__PROVIDED DATA__:
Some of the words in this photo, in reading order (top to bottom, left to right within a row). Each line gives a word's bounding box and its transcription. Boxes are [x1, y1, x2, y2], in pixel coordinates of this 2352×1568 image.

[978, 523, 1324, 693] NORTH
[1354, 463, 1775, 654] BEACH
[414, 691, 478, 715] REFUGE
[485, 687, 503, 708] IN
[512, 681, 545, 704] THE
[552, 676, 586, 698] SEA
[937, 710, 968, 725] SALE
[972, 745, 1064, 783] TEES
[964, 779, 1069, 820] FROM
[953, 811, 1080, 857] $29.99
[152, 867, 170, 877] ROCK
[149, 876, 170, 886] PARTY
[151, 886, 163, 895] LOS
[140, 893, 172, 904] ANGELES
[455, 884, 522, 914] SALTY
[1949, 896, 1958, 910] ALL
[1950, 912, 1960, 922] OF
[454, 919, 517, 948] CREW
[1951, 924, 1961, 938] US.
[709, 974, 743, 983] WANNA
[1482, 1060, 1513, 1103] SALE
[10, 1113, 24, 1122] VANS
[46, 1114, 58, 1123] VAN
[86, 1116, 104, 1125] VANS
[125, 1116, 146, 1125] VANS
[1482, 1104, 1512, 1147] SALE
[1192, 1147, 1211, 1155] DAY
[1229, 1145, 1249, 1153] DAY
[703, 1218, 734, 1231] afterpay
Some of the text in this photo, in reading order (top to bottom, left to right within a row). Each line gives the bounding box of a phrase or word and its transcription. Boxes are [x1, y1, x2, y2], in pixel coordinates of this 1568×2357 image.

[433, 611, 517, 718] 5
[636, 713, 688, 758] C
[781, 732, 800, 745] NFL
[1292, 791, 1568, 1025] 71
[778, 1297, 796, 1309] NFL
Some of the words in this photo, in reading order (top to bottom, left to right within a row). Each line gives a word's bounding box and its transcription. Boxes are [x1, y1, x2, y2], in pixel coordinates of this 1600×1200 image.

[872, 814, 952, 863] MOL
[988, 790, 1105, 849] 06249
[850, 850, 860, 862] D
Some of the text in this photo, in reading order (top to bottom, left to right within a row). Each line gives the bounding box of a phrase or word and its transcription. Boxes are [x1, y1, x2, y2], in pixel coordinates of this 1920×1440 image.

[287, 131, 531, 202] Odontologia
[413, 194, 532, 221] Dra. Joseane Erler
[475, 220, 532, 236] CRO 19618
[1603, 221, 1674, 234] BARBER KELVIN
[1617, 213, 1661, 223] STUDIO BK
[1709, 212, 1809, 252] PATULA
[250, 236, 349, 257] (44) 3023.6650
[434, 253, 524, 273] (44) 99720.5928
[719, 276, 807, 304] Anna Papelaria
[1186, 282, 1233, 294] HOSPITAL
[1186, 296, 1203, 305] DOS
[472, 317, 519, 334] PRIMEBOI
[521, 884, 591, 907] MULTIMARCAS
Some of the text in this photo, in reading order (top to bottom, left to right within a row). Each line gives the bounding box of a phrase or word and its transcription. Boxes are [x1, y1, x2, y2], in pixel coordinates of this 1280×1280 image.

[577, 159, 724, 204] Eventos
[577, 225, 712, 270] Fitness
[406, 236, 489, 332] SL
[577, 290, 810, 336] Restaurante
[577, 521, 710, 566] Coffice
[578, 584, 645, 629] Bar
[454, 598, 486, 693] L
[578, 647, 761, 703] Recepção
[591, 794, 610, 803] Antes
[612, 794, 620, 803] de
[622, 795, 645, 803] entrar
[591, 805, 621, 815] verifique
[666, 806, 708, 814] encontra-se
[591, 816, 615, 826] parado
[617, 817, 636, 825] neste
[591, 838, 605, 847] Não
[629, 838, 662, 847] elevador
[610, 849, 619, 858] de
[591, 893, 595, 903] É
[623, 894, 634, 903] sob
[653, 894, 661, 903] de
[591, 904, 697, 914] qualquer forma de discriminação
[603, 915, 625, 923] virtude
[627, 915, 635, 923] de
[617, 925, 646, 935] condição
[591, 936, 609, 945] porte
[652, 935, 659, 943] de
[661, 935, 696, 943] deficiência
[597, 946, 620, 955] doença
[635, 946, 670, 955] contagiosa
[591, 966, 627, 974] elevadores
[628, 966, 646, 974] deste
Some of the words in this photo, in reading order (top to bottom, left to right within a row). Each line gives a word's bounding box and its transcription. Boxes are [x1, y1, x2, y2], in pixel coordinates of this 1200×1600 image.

__WHAT YOU NEED TO DO__: All of the entries need to be given again, word for word.

__EXERCISE OUTPUT__:
Some of the words in this photo, in reading order (top to bottom, left to right within a row). Each line gives a word's bounding box and its transcription. Boxes are [x1, y1, x2, y2], in pixel coordinates of this 2352×1568 image.

[978, 523, 1324, 693] NORTH
[1354, 463, 1775, 654] BEACH
[414, 691, 478, 715] REFUGE
[485, 687, 503, 708] IN
[512, 681, 545, 704] THE
[552, 676, 586, 698] SEA
[937, 710, 968, 725] SALE
[972, 745, 1064, 783] TEES
[964, 779, 1069, 820] FROM
[953, 811, 1080, 857] $29.99
[152, 867, 170, 877] ROCK
[149, 876, 170, 886] PARTY
[151, 886, 163, 895] LOS
[140, 893, 172, 904] ANGELES
[455, 884, 522, 914] SALTY
[1949, 896, 1958, 910] ALL
[1950, 912, 1960, 922] OF
[454, 919, 517, 948] CREW
[1951, 924, 1961, 938] US.
[709, 974, 743, 983] WANNA
[1482, 1060, 1513, 1103] SALE
[10, 1113, 24, 1122] VANS
[46, 1114, 58, 1123] VAN
[86, 1116, 104, 1125] VANS
[125, 1116, 146, 1125] VANS
[1482, 1104, 1512, 1147] SALE
[1192, 1147, 1211, 1155] DAY
[1229, 1145, 1249, 1153] DAY
[703, 1218, 734, 1231] afterpay
Some of the text in this photo, in reading order (top to bottom, left to right within a row). Each line gives the bounding box of a phrase or word and its transcription. Boxes are [x1, y1, x2, y2], in pixel coordinates of this 1568×2357 image.

[433, 611, 517, 718] 5
[636, 713, 688, 758] C
[781, 732, 800, 745] NFL
[1292, 791, 1568, 1025] 71
[778, 1297, 796, 1309] NFL
Some of the words in this photo, in reading order (top to bottom, left to right within a row). Each line gives a word's bounding box and its transcription. Boxes are [x1, y1, x2, y2], in pixel coordinates of this 1600×1200 image.

[872, 814, 952, 863] MOL
[988, 790, 1105, 849] 06249
[850, 850, 860, 862] D
Some of the text in this photo, in reading order (top to bottom, left to right within a row). Each line gives the bounding box of a phrase or word and its transcription. Boxes are [x1, y1, x2, y2], in pixel coordinates of this 1920×1440 image.

[287, 131, 531, 202] Odontologia
[413, 194, 532, 221] Dra. Joseane Erler
[475, 220, 532, 236] CRO 19618
[1603, 221, 1674, 234] BARBER KELVIN
[1617, 213, 1661, 223] STUDIO BK
[1709, 212, 1809, 252] PATULA
[250, 236, 349, 257] (44) 3023.6650
[434, 253, 524, 273] (44) 99720.5928
[719, 276, 807, 304] Anna Papelaria
[1186, 282, 1233, 294] HOSPITAL
[1186, 296, 1203, 305] DOS
[472, 317, 519, 334] PRIMEBOI
[521, 884, 591, 907] MULTIMARCAS
Some of the text in this photo, in reading order (top to bottom, left to right within a row). Each line gives the bounding box of a phrase or word and its transcription. Boxes are [x1, y1, x2, y2], in pixel coordinates of this 1280×1280 image.

[577, 159, 724, 204] Eventos
[577, 225, 712, 270] Fitness
[406, 236, 489, 332] SL
[577, 290, 810, 336] Restaurante
[577, 521, 710, 566] Coffice
[578, 584, 645, 629] Bar
[454, 598, 486, 693] L
[578, 647, 761, 703] Recepção
[591, 794, 610, 803] Antes
[612, 794, 620, 803] de
[622, 795, 645, 803] entrar
[591, 805, 621, 815] verifique
[666, 806, 708, 814] encontra-se
[591, 816, 615, 826] parado
[617, 817, 636, 825] neste
[591, 838, 605, 847] Não
[629, 838, 662, 847] elevador
[610, 849, 619, 858] de
[591, 893, 595, 903] É
[623, 894, 634, 903] sob
[653, 894, 661, 903] de
[591, 904, 697, 914] qualquer forma de discriminação
[603, 915, 625, 923] virtude
[627, 915, 635, 923] de
[617, 925, 646, 935] condição
[591, 936, 609, 945] porte
[652, 935, 659, 943] de
[661, 935, 696, 943] deficiência
[597, 946, 620, 955] doença
[635, 946, 670, 955] contagiosa
[591, 966, 627, 974] elevadores
[628, 966, 646, 974] deste
Some of the words in this photo, in reading order (top to bottom, left to right within a row). Each line gives a word's bounding box and its transcription. Boxes are [x1, y1, x2, y2], in pixel coordinates of this 1200×1600 image.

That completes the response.